I know it is possible to pass class type to a function in swift:
我知道在swift中传递类类型的函数是可能的:
func setGeneric<T>(type: T.Type){ }
setGeneric(Int.self)
But how we can return type from function? Writing something like
但是如何从函数返回类型呢?写作之类的
func getGeneric<T>() -> T.Type {
return Int.self
}
gives compiler error "Int is not identical to T". So is it possible to return type from a swift function?

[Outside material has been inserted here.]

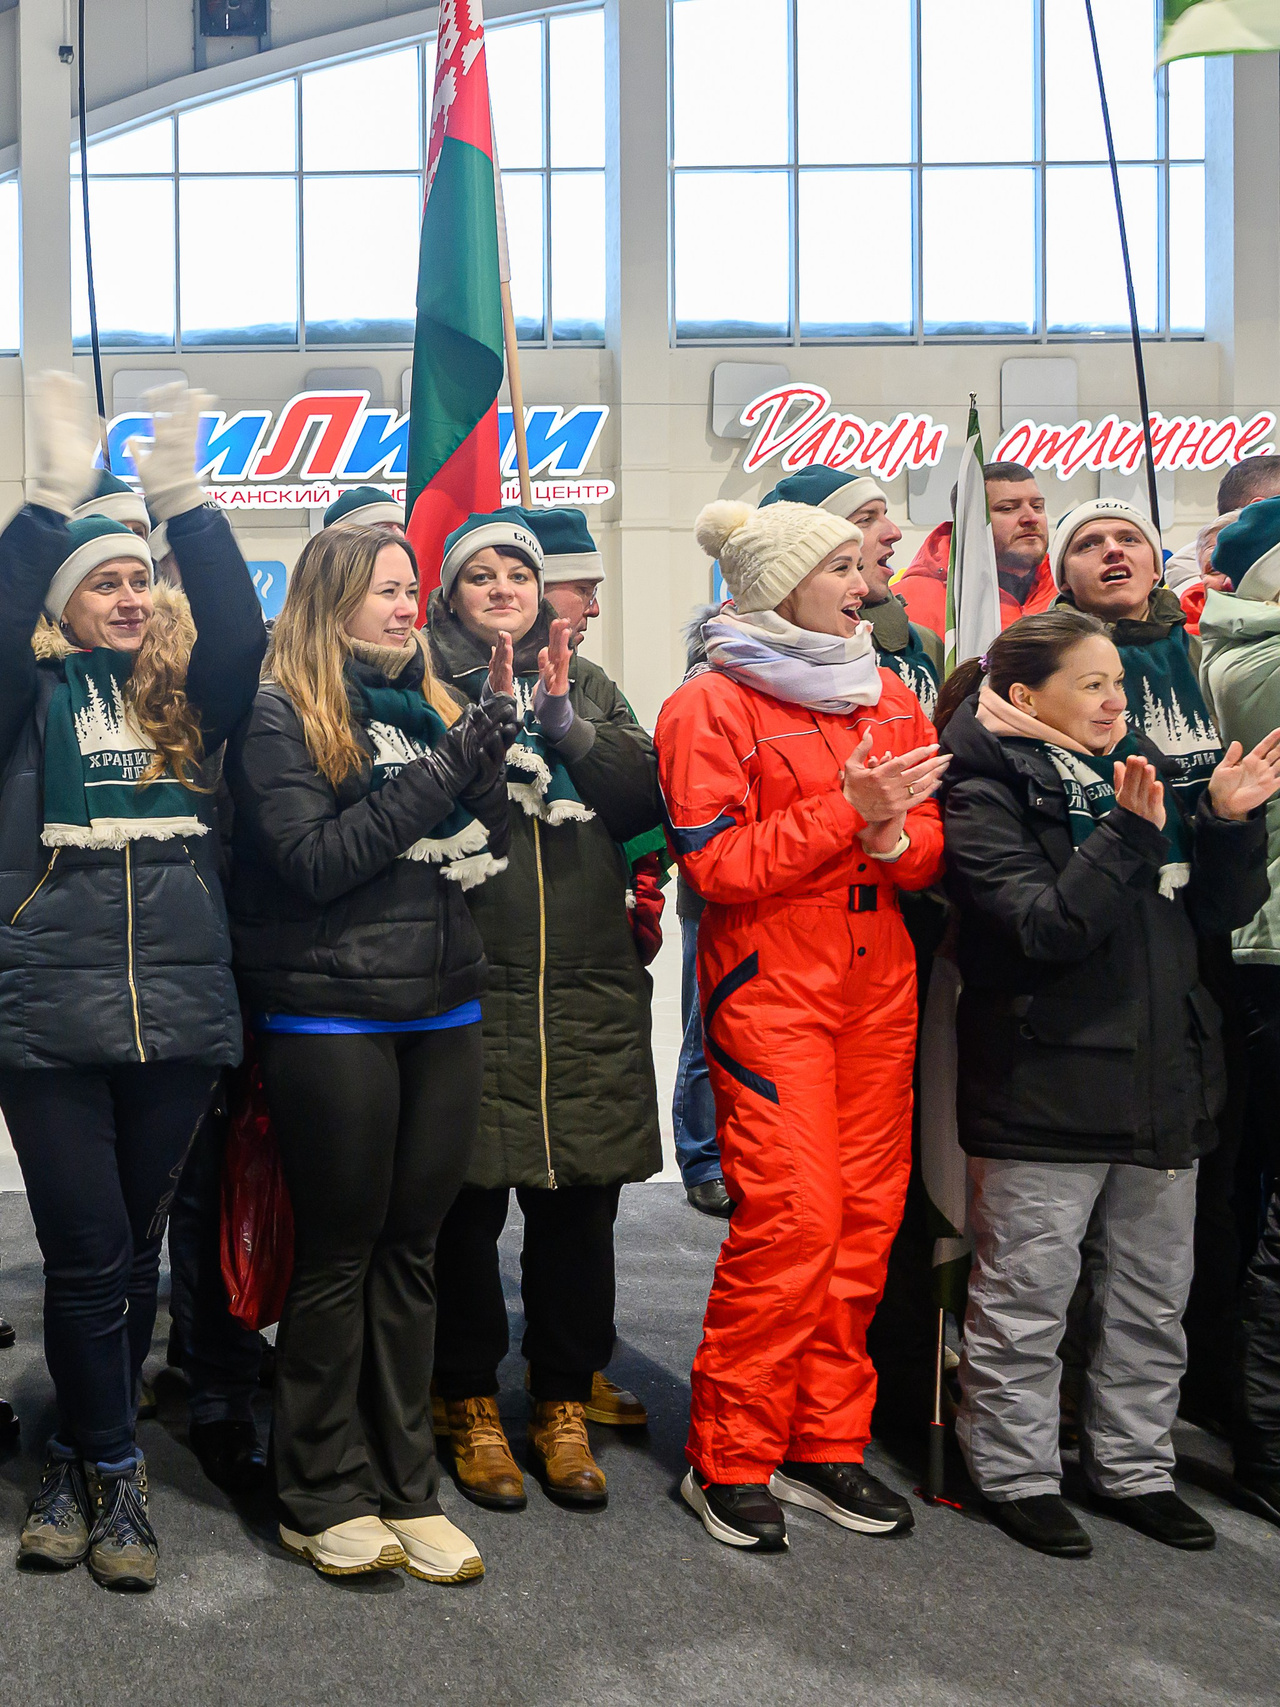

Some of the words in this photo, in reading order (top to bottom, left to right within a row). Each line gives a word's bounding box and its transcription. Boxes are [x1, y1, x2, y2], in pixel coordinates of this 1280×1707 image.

给出编译错误“Int不等于T”。那么是否可以从swift函数返回类型呢?
Edit
Some explanation. I have classes that are used for persistence (I'm using Realm) and I have classes that acts as wrappers around this classes. All wrappers inherits from RealmClassWrapper which needs to know what Realm class it actually wraps. So lets say I have this realm model:
编辑一些解释。我有用于持久化的类(我使用的是Realm),也有类作为类的包装器。所有的包装器都继承自RealmClassWrapper,它需要知道它实际包装的领域类。假设我有一个领域模型
class RealmTodo: RLMObject {
dynamic var title = ""
}
and my wrappers supper class looks like this:
我的包装纸晚餐课是这样的:
class RealmClassWrapper {
private let backingModel: RLMObject
//...
func backingModelType<T>() -> T.Type{ fatalError("must be implemented") }
}
and actual wrapper:
和实际包装:
class Todo: RealmClassWrapper {
//some other properties
func backingModelType<T>() -> T.Type{ return RealmTodo.self }
}
4 个解决方案
#1
23
You can return any type you want.
您可以返回任何类型。
func getTypeOfInt() -> Int.Type { return Int.self }
func getTypeOfBool() -> Bool.Type { return Bool.self }
If the type is not determined from arguments or if the return is constant, there is no need to introduce a generic T type.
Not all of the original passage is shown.